As observed in this research paper, students were able to understand the
patterns but they were not able express until they wrote it on paper or draw the
figures. The student comments should not be ignored because they are ones who
claimed for being the best in their classes. It also indicated the problem of using
multiple choice test-items by teachers for determining student level of
accomplishments in math. The multiple choice test scores can be wrongly
representing student ability for problem solving (students could have made a
lucky guess for the answer). The two samples for students’ performance showed
that their first attempt for solving problems was to use visual and mental math
skills but due to misunderstanding or lack of conceptual understanding of linear
functions, they became confused. To overcome the difficulty, some of them used
calculators and tried to work with random numbers and operation for finding a
reasonable answer for them, others tried to guess and wrote previously
memorized facts or definitions to help solve the problem. This behavior leads to
check for teacher education and training for teaching to diverse students’
population. Questions like “was the teacher aware of the relationship among
fundamental concepts of ratios/proportions to linear functions?” Or “Did the
teacher teach students about the one-on-one correspondence and mapping,
concept of domain and range, etc. in class?” Did the student have firsthand
experience in working with multi-representations of linear functions?” and “how
the student learning was assessed?”. These are just few questions that can help
in finding about the difficulties faced by students and their progress in learning
linear functions.
With the introduction of common core standards, perhaps one can see the light at
the end of the tunnel that might help in the students’ global learning process. The
key shifts in curriculum if correctly forced and implemented can make it easy to
find the places and areas where the problem begins for each individual child.
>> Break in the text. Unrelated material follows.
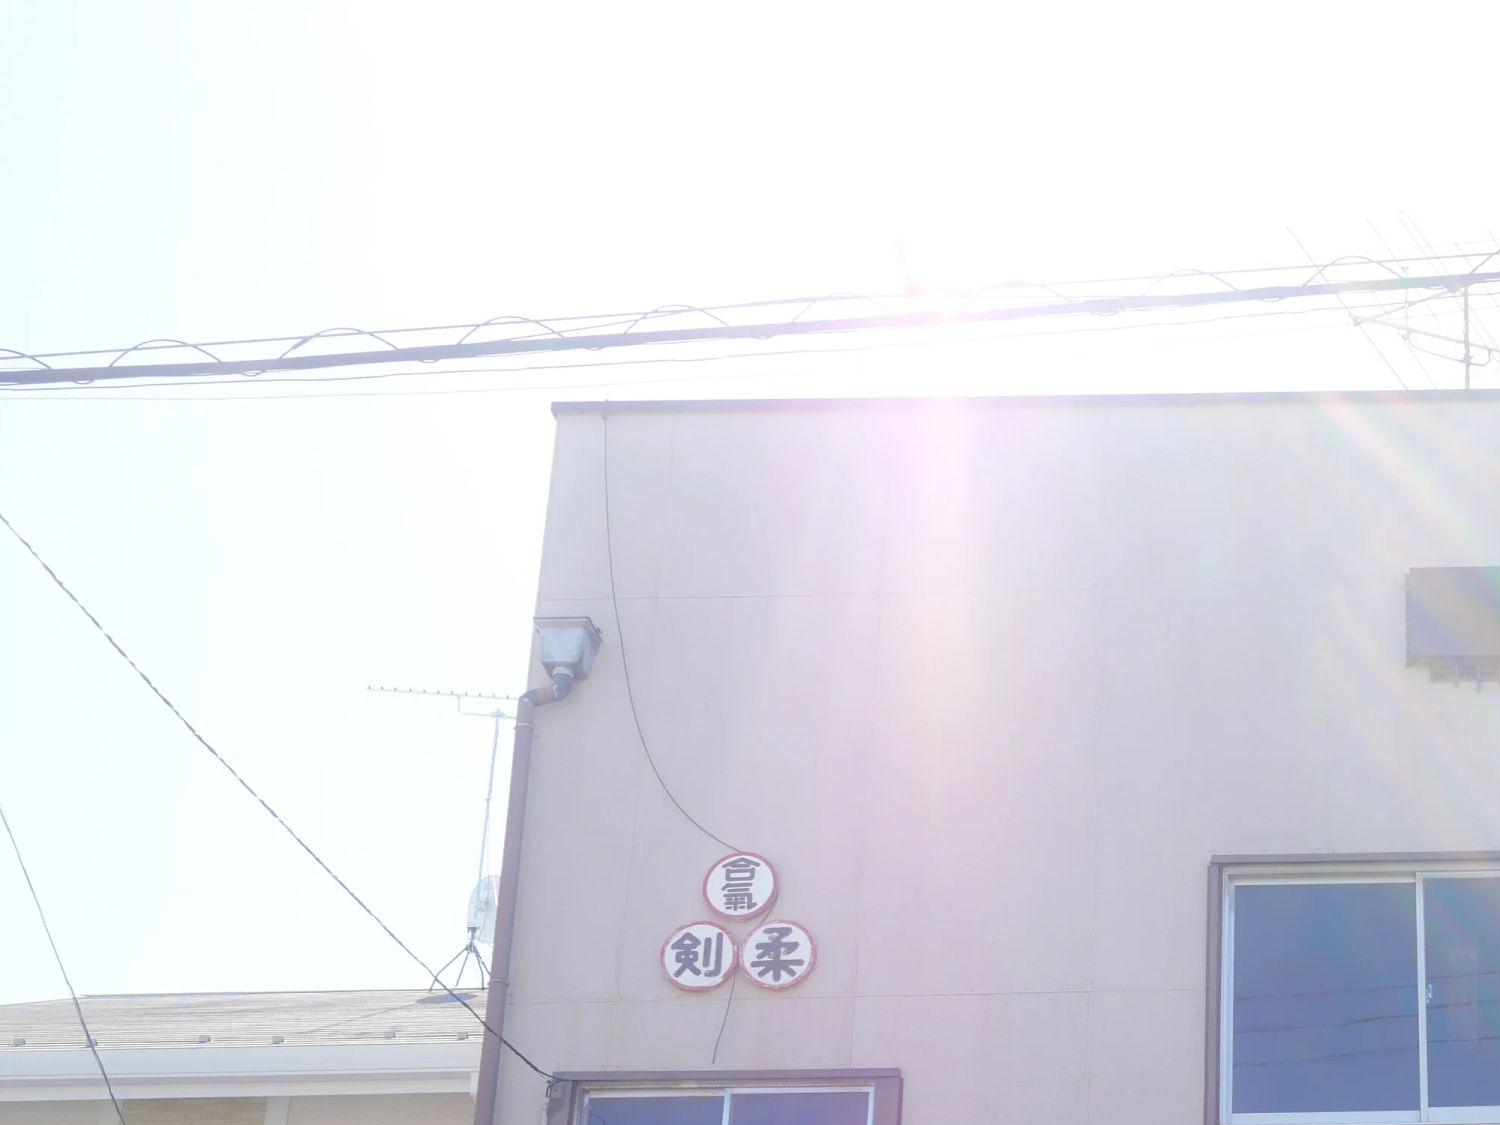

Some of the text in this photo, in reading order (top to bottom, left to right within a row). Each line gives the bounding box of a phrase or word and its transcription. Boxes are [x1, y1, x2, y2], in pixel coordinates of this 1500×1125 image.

[721, 857, 761, 912] 合氣
[670, 931, 724, 979] 剣
[750, 926, 805, 982] 柔
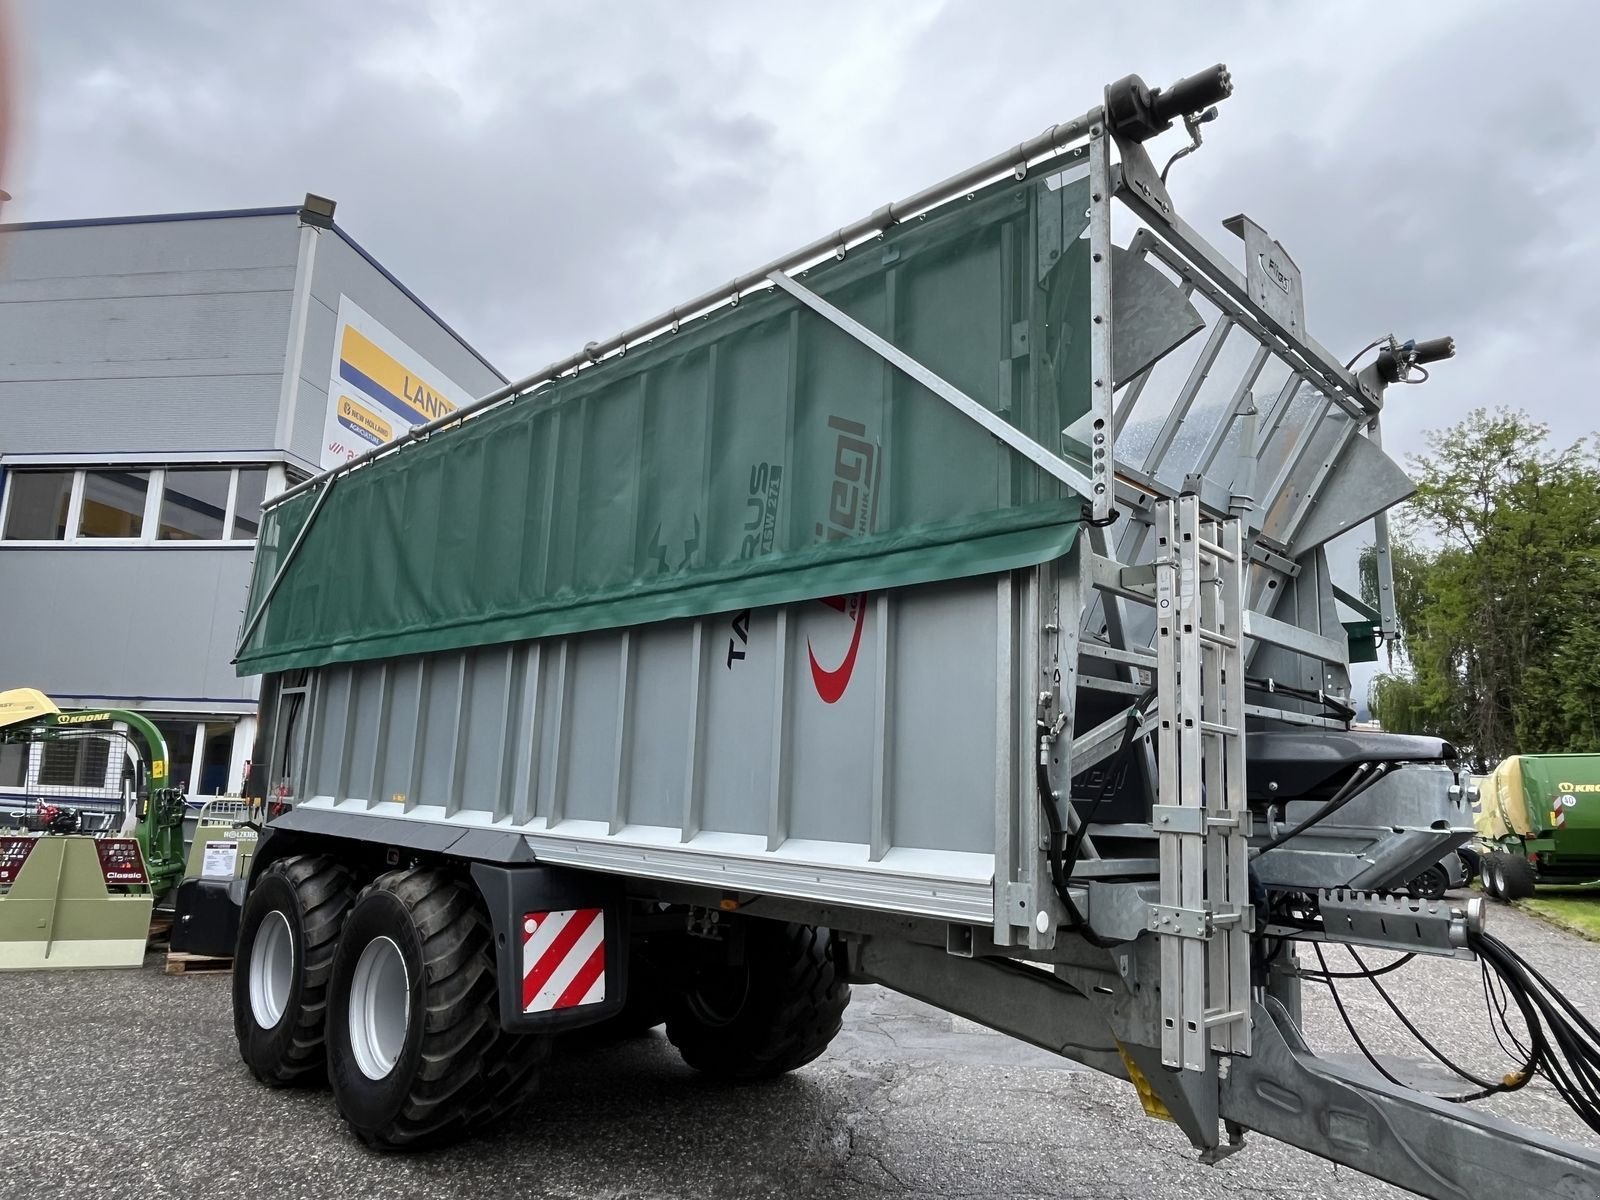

Teachers’ content knowledge, pedagogy and up-to-date training in the use of
skills, technology and other community resources, along with adequate
evaluation methods is major task and hope for a successful implementation of
common core practices. Current research such as TPACK is focused on this goal
for students’ achievement directly linked with teachers’
professional
development.
References
Booth, L. (1984). Algebra: Children’s Strategies and Errors. Windsor, UK: NFERNelson.
Kieran, C. (1992). The learning and teaching of school algebra. In D. A. Grouws
(Ed.), Handbook of Research on Mathematics Teaching and Learning (pp. 390419). Reston, VA: National Council of Teachers of Mathematics.
Monk, D. H.: (1994), 'Subject area preparation of secondary mathematics and
science teachers and student achievement'. Economics of Education Review,
13(2), 125-145.
Raja, S. Y. & Pugalee, D. K.,(2015) Multi-Representation of linear functions for
pre-college students in STEM context (Unpublished doctoral dissertation).
University of North Carolina, Charlotte, NC.
Rowan, B., Chiang, F.-S., & Miller, R.: (1997), 'Using research on employees'
performance to study the effects of teachers on students' achievement'.
Sociology of Education, 70(October), 256-284.